=== Section Start ===

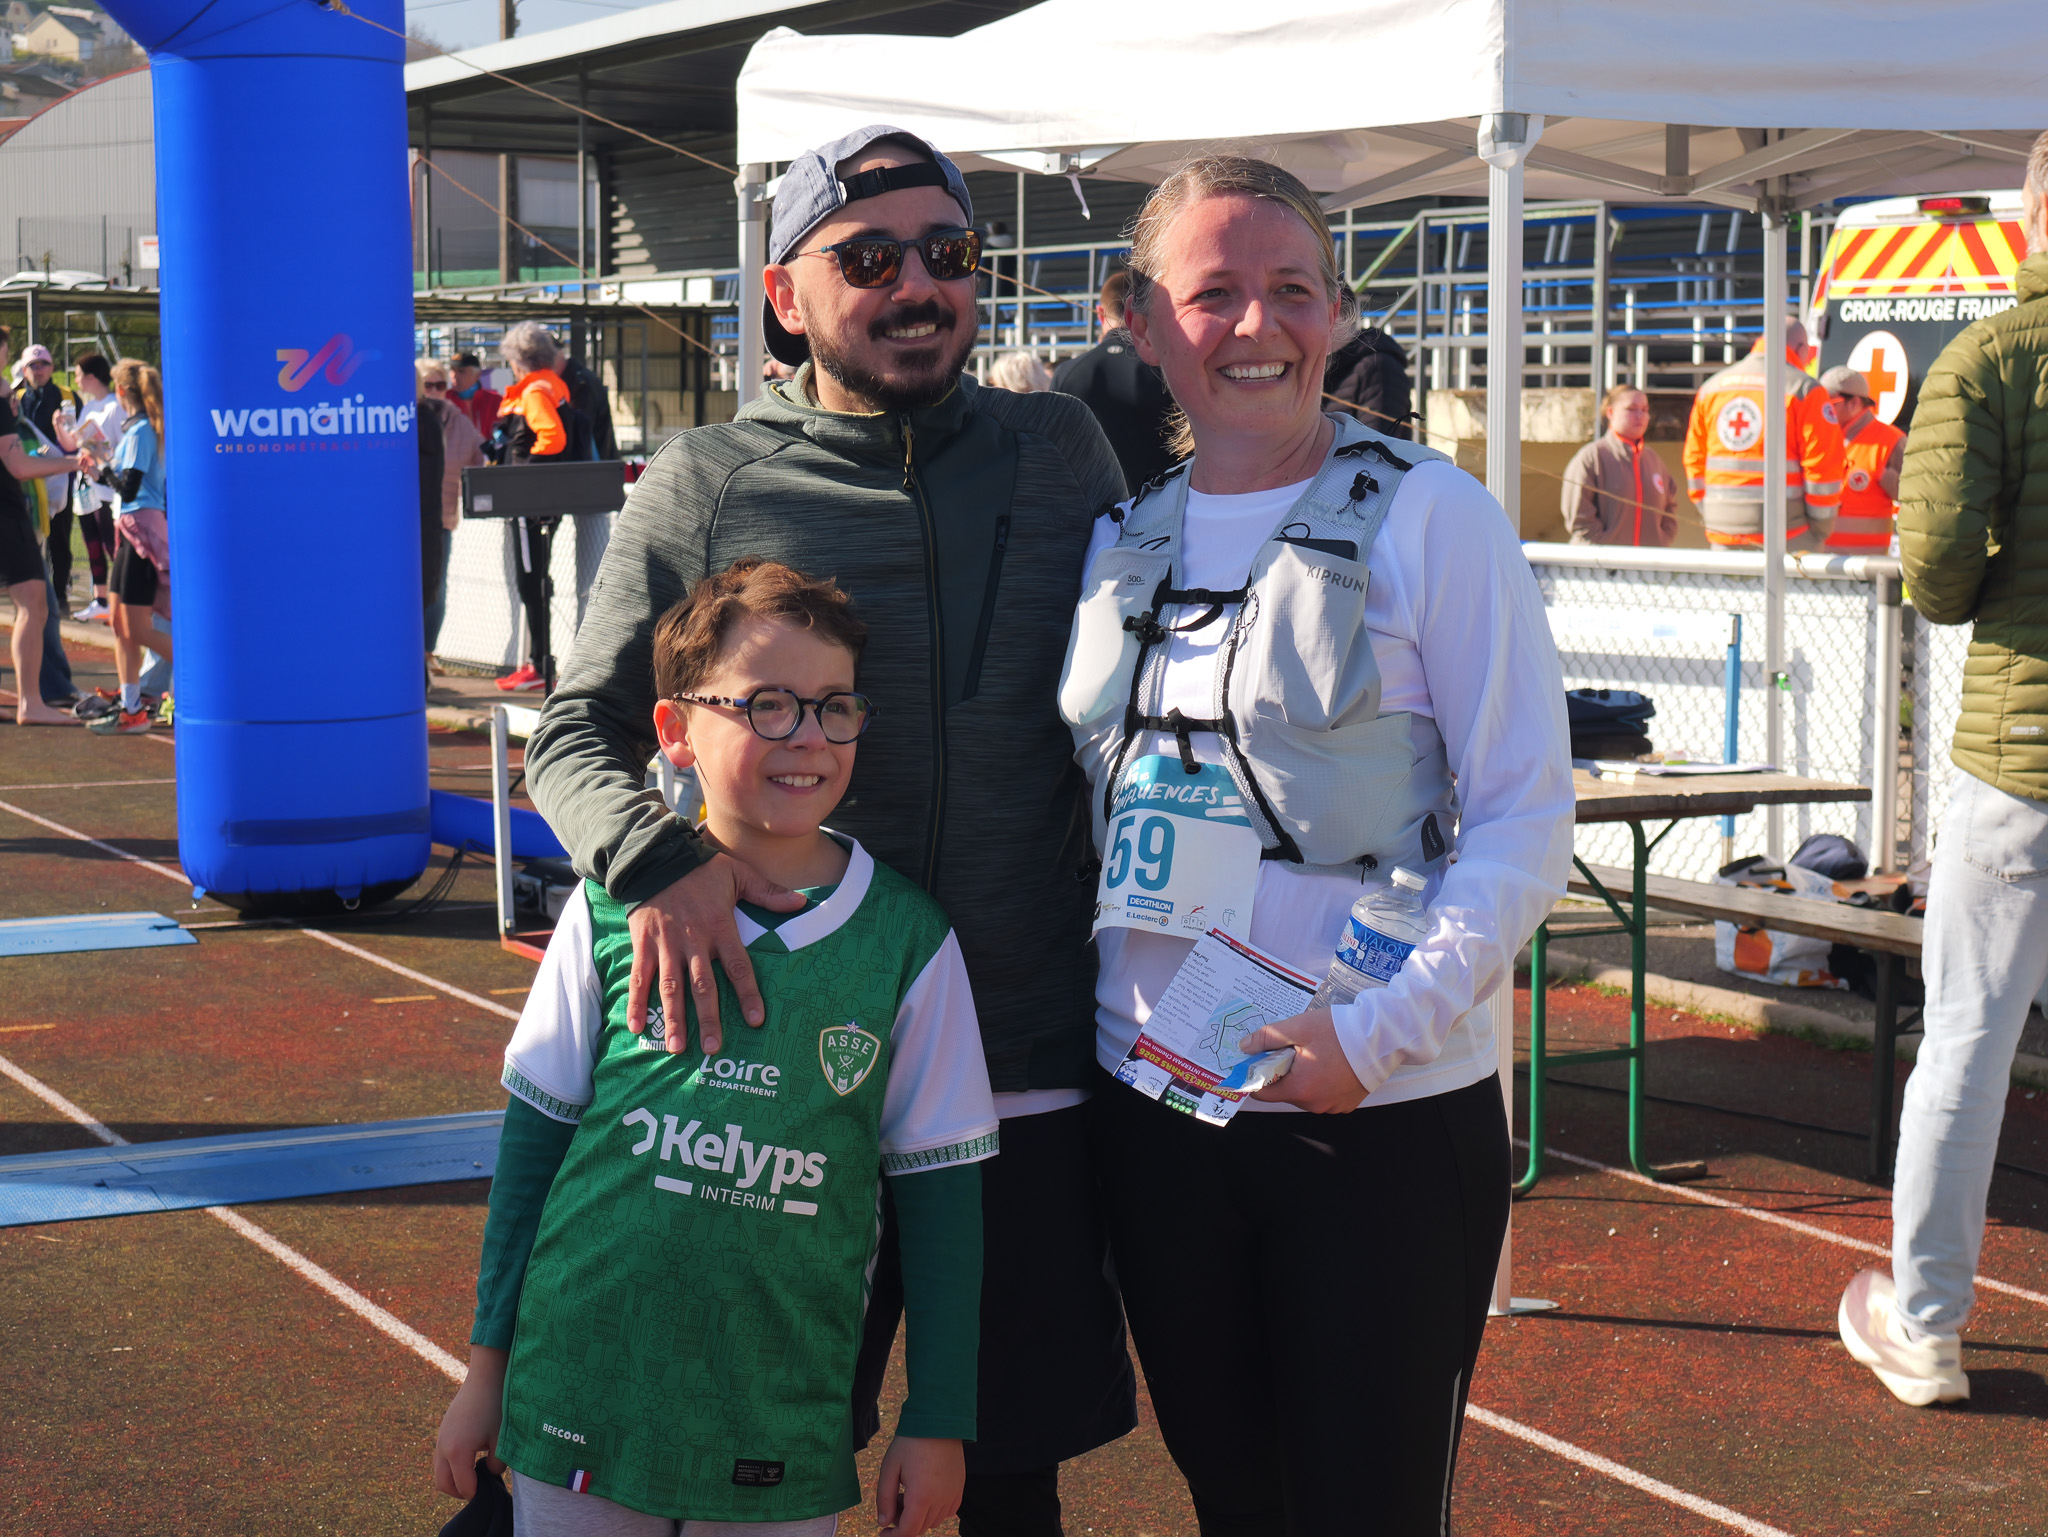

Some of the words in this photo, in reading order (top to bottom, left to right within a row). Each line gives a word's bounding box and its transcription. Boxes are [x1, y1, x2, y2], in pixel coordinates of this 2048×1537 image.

[1840, 299, 1954, 322] CROIX-ROUGE
[1307, 565, 1364, 593] KIPRUN
[1106, 815, 1175, 891] 59
[1130, 896, 1171, 911] DECATHLON
[1126, 911, 1158, 923] E.Leclerc
[638, 1036, 668, 1051] humm
[828, 1034, 872, 1055] ASSE
[1139, 1037, 1152, 1047] vert
[1151, 1044, 1172, 1060] Chemin
[1138, 1047, 1160, 1063] 2026
[700, 1055, 780, 1086] Loire
[1160, 1059, 1184, 1076] MARS
[1200, 1070, 1223, 1084] ymnase
[695, 1076, 706, 1084] LE
[709, 1079, 777, 1098] DÉPARTEMENT
[660, 1114, 827, 1194] Kelyps
[700, 1184, 776, 1212] INTERIM
[543, 1423, 586, 1445] BEECOOL
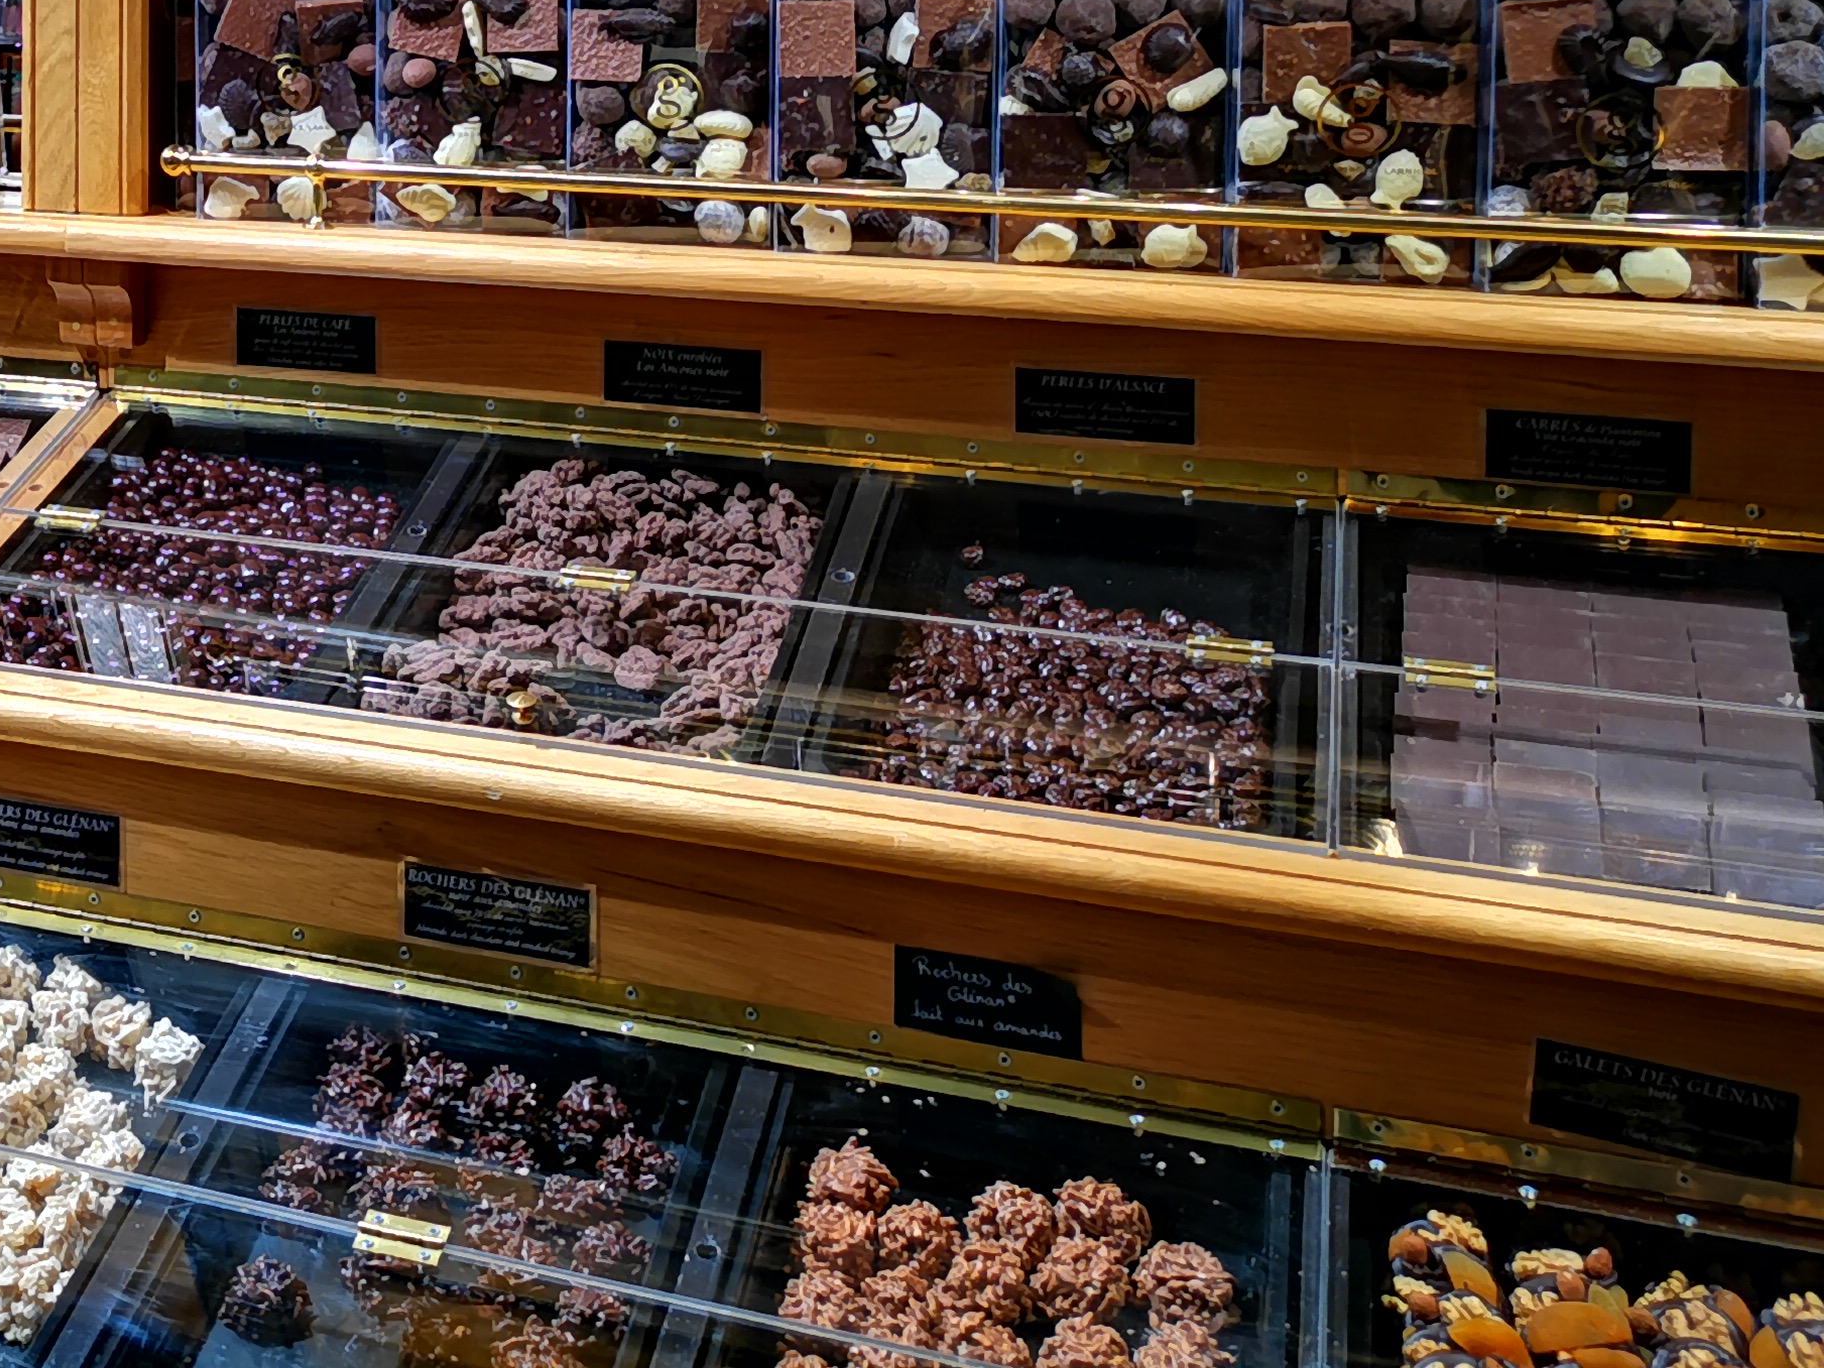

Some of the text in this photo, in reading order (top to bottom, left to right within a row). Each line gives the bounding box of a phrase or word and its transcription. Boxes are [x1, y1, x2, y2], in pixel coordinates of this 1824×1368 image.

[25, 808, 50, 823] DES
[408, 868, 476, 891] ROCHERS
[481, 880, 511, 896] DES
[912, 955, 1032, 994] Rochers des
[911, 999, 1062, 1042] lait aux amandes
[1554, 1050, 1634, 1079] GALETS
[1640, 1068, 1680, 1089] DES

=== Section End ===

* Required work
Above are records with pictures; repeat the records exactly and leave the pictures out.

* Task answer
Some of the words in this photo, in reading order (top to bottom, left to right within a row). Each line gives a word's bounding box and its transcription. Boxes are [x1, y1, x2, y2], in pixel coordinates of this 2048×1537 image.

[1840, 299, 1954, 322] CROIX-ROUGE
[1307, 565, 1364, 593] KIPRUN
[1106, 815, 1175, 891] 59
[1130, 896, 1171, 911] DECATHLON
[1126, 911, 1158, 923] E.Leclerc
[638, 1036, 668, 1051] humm
[828, 1034, 872, 1055] ASSE
[1139, 1037, 1152, 1047] vert
[1151, 1044, 1172, 1060] Chemin
[1138, 1047, 1160, 1063] 2026
[700, 1055, 780, 1086] Loire
[1160, 1059, 1184, 1076] MARS
[1200, 1070, 1223, 1084] ymnase
[695, 1076, 706, 1084] LE
[709, 1079, 777, 1098] DÉPARTEMENT
[660, 1114, 827, 1194] Kelyps
[700, 1184, 776, 1212] INTERIM
[543, 1423, 586, 1445] BEECOOL

Some of the text in this photo, in reading order (top to bottom, left to right within a row). Each line gives the bounding box of a phrase or word and its transcription. Boxes are [x1, y1, x2, y2], in pixel coordinates of this 1824×1368 image.

[25, 808, 50, 823] DES
[408, 868, 476, 891] ROCHERS
[481, 880, 511, 896] DES
[912, 955, 1032, 994] Rochers des
[911, 999, 1062, 1042] lait aux amandes
[1554, 1050, 1634, 1079] GALETS
[1640, 1068, 1680, 1089] DES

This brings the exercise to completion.